Friday, March 30, 2012

Squash/Non-cooked Foods

Print Friendly and PDF We're back again! =o)

I covered sweet potatoes yesterday and squash (butternut squash and acorn squash specifically) is pretty much the same except the way you cook it.
It is still cooked in the oven, or if you'd like cut up into pieces and boil/steam them.
Cut the squash in half, take all the seeds out. You do not need to peel the skin off.
Put about an inch water in a glass bakeware and put the squash CUT SIDE down. Set the oven at 375 degrees. I would put the squash in for about 20 minutes and then check to see if the squash is soft. Feel the outside and if it is soft when you squeeze it.
Wait at least 10 minutes for the squash to cool.
Take the meat of the squash and put in the food processor.
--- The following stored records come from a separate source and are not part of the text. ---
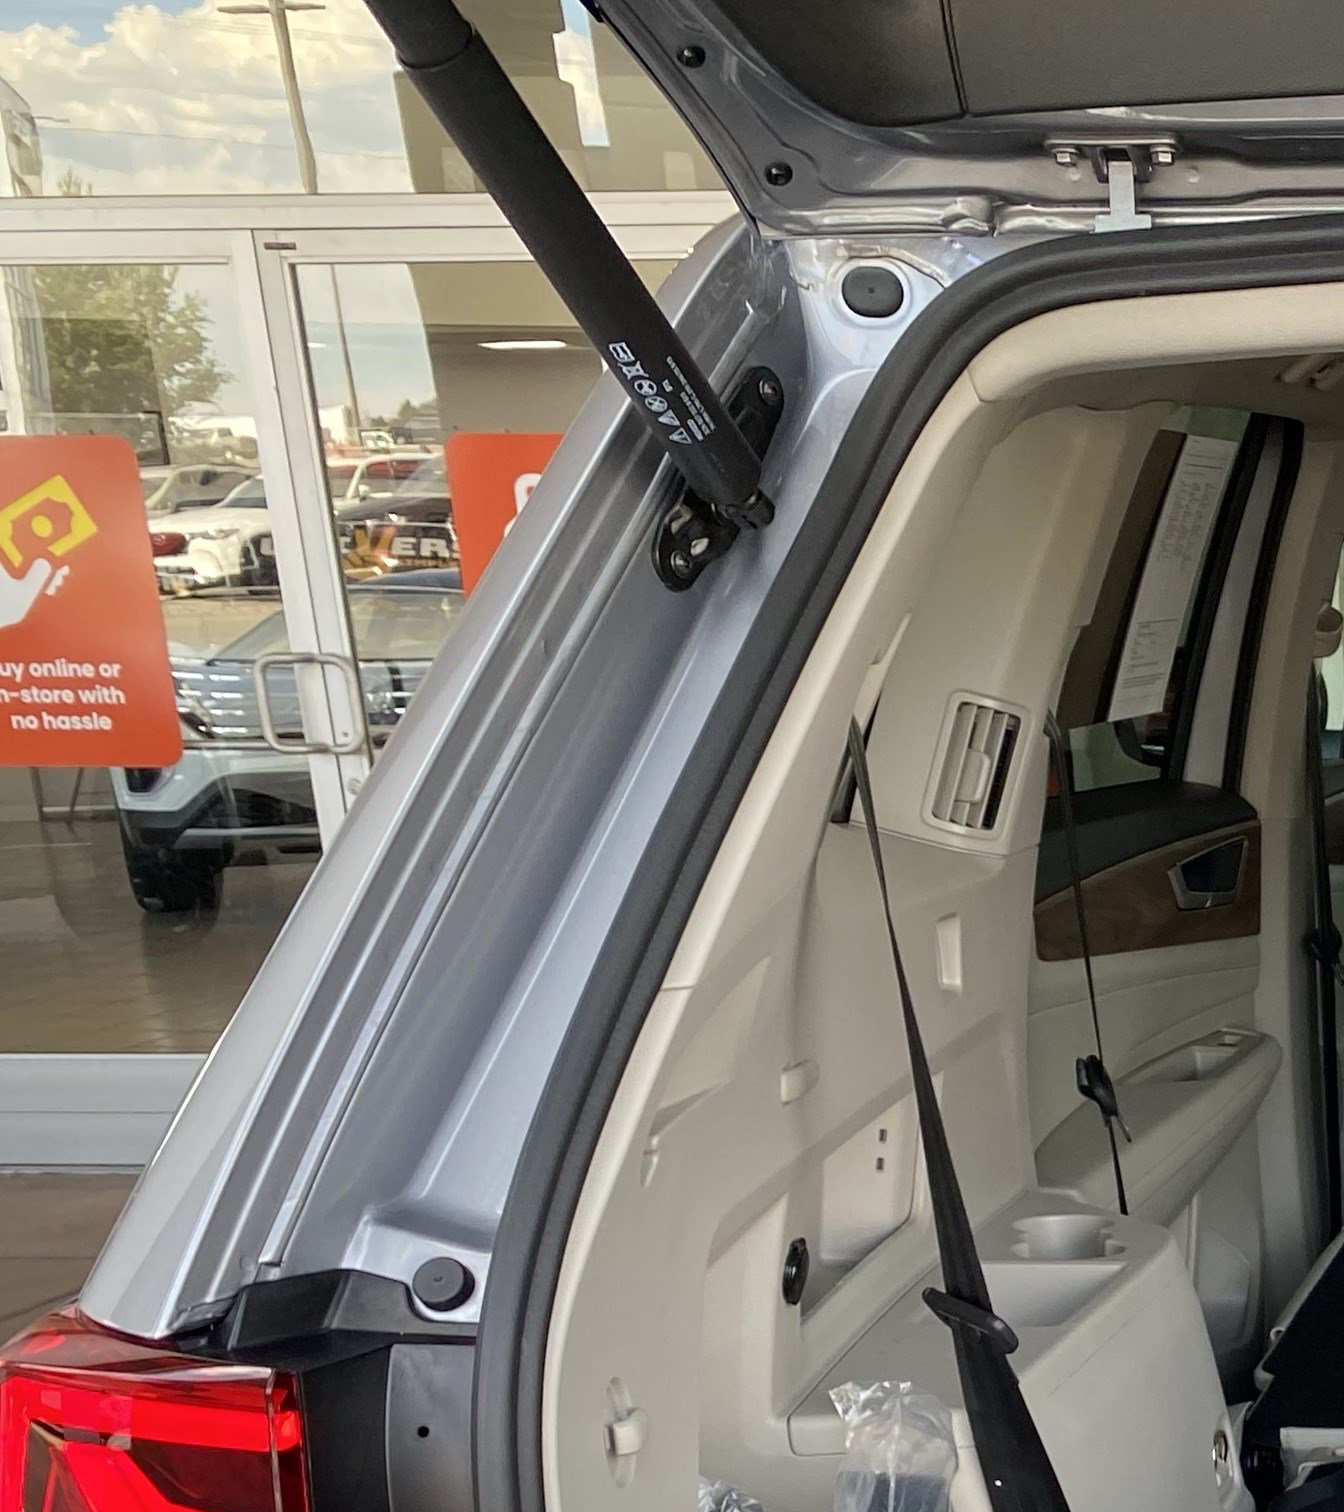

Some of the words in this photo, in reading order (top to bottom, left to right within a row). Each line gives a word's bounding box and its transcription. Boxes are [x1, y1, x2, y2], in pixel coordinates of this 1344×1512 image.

[0, 661, 24, 683] uy
[29, 658, 95, 678] online
[99, 662, 122, 678] or
[0, 685, 74, 705] n-store
[78, 684, 126, 705] with
[10, 714, 39, 730] no
[41, 711, 113, 731] hassle
KEEP THE WATER just in case. Again, puree to the thickness that you want. You may use the cooking water to thin the puree a little.
Put the the ice trays and freeze.

**One thing that I forgot yesterday! When I take the frozen cubes out I put them in a ziploc freezer bag and label and date it so I know what it is and when I made it. You don't want to keep the food frozen for too long. I think up to 6 months. But I'm sure you'll be restocking the food WAY before then anyway.

Non-cooked Foods
Avocados and bananas fall under this category. You pretty much just take out what you want to feed the baby at the moment and mash with a fork. I would not recommend pureeing with the food processor since both these items oxidize (brown) very quickly.
When I fed Lexi these two I didn't mash them too much, as I said before she didn't like the really pureed texture. Also, Lexi did not like the bananas when I fed them to her, I guess they were too slimy.. who knows. She eats them now though! =o)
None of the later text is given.